The parliamentary results were marked by miscalculations, errors in spreadsheet tabulation, as well as a legal dispute between results announced and votes counted. The most notable dispute was that of the constituency of Chegutu West, where 121 votes from one ward were misallocated, leaving the MDC-A candidate, Gift Konjana with 10,828 votes to ZANU-PF candidate Dexter Nduna's 10,932. When the error was noticed, ZEC claimed that they had already announced ZANU-PF as the winner, and the result could only be reversed with an order of an Electoral Court. The matter ended up in court as Gift Machoka Konjana v Dexter Nduna, though ultimately ZANU-PF's Nduna took the seat in Parliament, in spite of losing the election to Konjana.

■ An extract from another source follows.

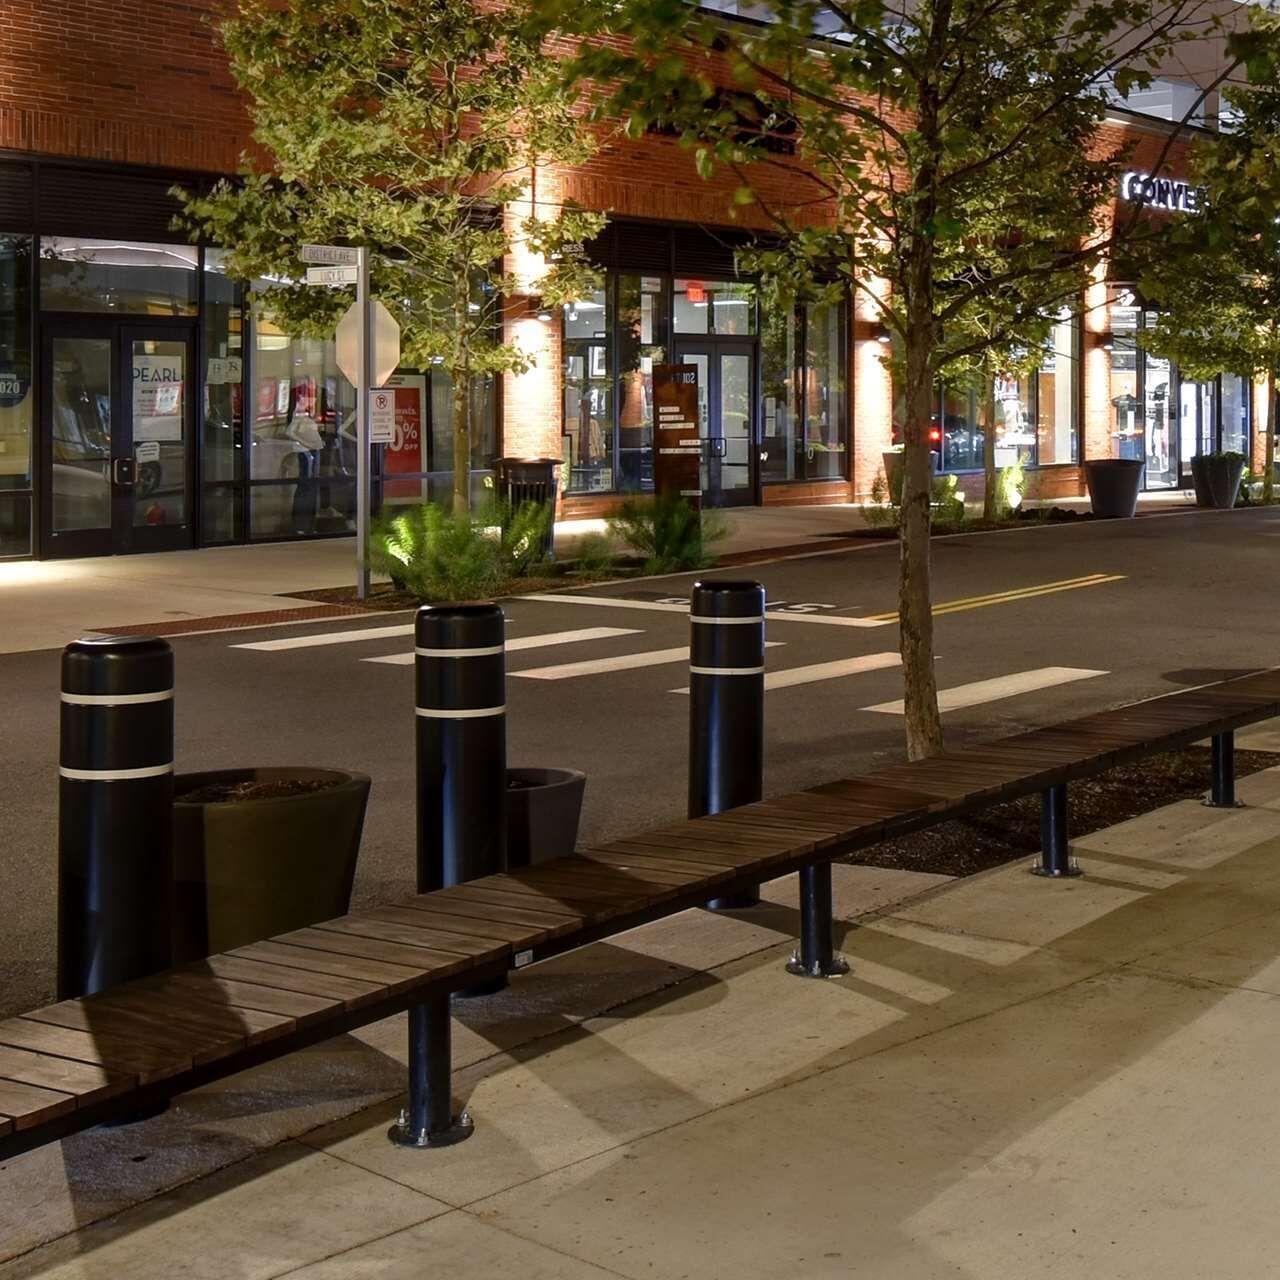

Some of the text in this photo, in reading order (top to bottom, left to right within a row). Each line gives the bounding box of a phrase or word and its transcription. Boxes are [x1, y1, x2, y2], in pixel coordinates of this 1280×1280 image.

[1124, 173, 1206, 212] CONVE
[131, 367, 180, 382] PEARL
[403, 443, 418, 451] OFF

On 10 August, it was announced that Mnangagwa's inauguration, which had been scheduled for 12 August, would be delayed after Chamisa petitioned to challenge the election results in court, with a ruling due by the end of the month. On 24 August 2018, the Supreme Court of Zimbabwe dismissed Chamisa's challenge and officially declared Mnangagwa the winner in a unanimous ruling. The Chief Justice Luke Malaba noted that Chamisa refused both a recount and access to the ballot boxes. Mnangagwa's inauguration and official swearing-in was then held on 26 August.

Two Washington-based entities, American International Republican Institute (IRI) and National Democratic Institute (NDI), which were involved in the Zimbabwe International Election Observation Mission (ZIEOM) expressed doubts that the poll had a standard accepting value. Manisha Singh, the U.S. Assistant Secretary of State for Economic and Business Affairs, told a congressional hearing that until the new government of President Emmerson Mnangagwa shows signs of "changing its ways," the U.S. government will not lift sanctions against Zimbabwe.